◆ TASK DETAILS ◆
Would you please return the data below verbatim, without its pictures?
***** SUPPLIED MATERIAL *****
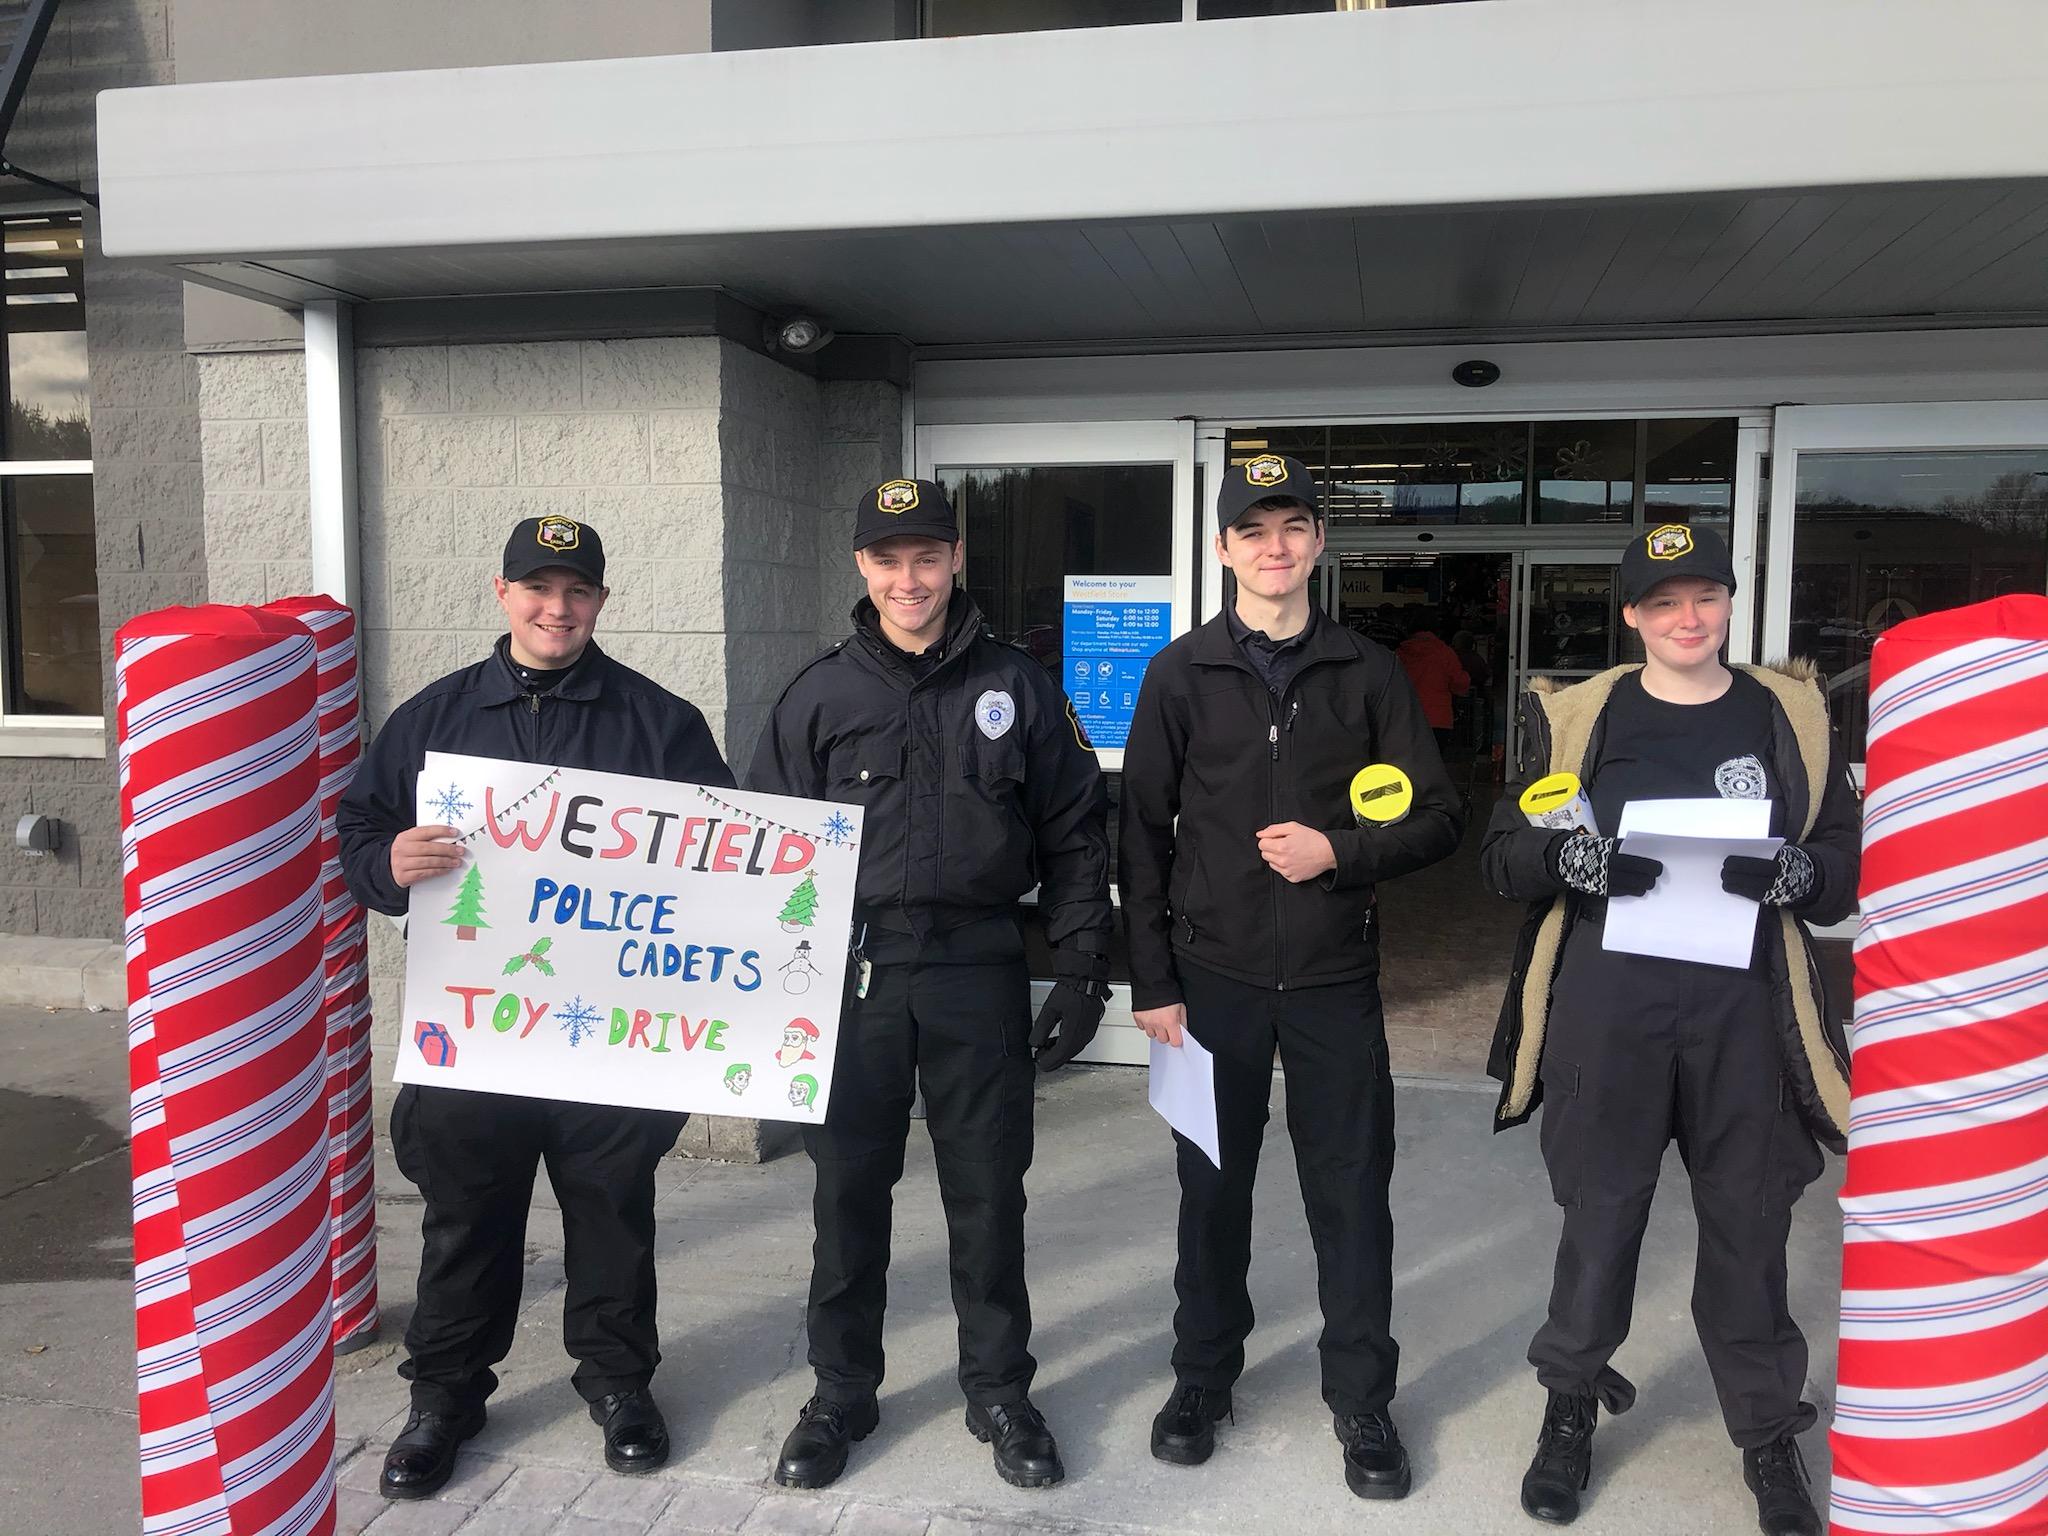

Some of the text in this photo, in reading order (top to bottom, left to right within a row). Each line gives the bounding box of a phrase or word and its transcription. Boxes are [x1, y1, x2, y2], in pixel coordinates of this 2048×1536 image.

[1072, 580, 1107, 588] Welcome
[1109, 580, 1117, 588] to
[1341, 580, 1372, 593] Milk
[1095, 615, 1120, 623] Saturday
[485, 786, 816, 876] WESTFIELD
[529, 877, 678, 934] POLICE
[618, 939, 762, 991] CADETS
[445, 985, 730, 1052] TOY DRIVE
*****
◆ WORKED SOLUTION ◆
Some of the text in this photo, in reading order (top to bottom, left to right within a row). Each line gives the bounding box of a phrase or word and its transcription. Boxes are [x1, y1, x2, y2], in pixel coordinates of this 2048×1536 image.

[1072, 580, 1107, 588] Welcome
[1109, 580, 1117, 588] to
[1341, 580, 1372, 593] Milk
[1095, 615, 1120, 623] Saturday
[485, 786, 816, 876] WESTFIELD
[529, 877, 678, 934] POLICE
[618, 939, 762, 991] CADETS
[445, 985, 730, 1052] TOY DRIVE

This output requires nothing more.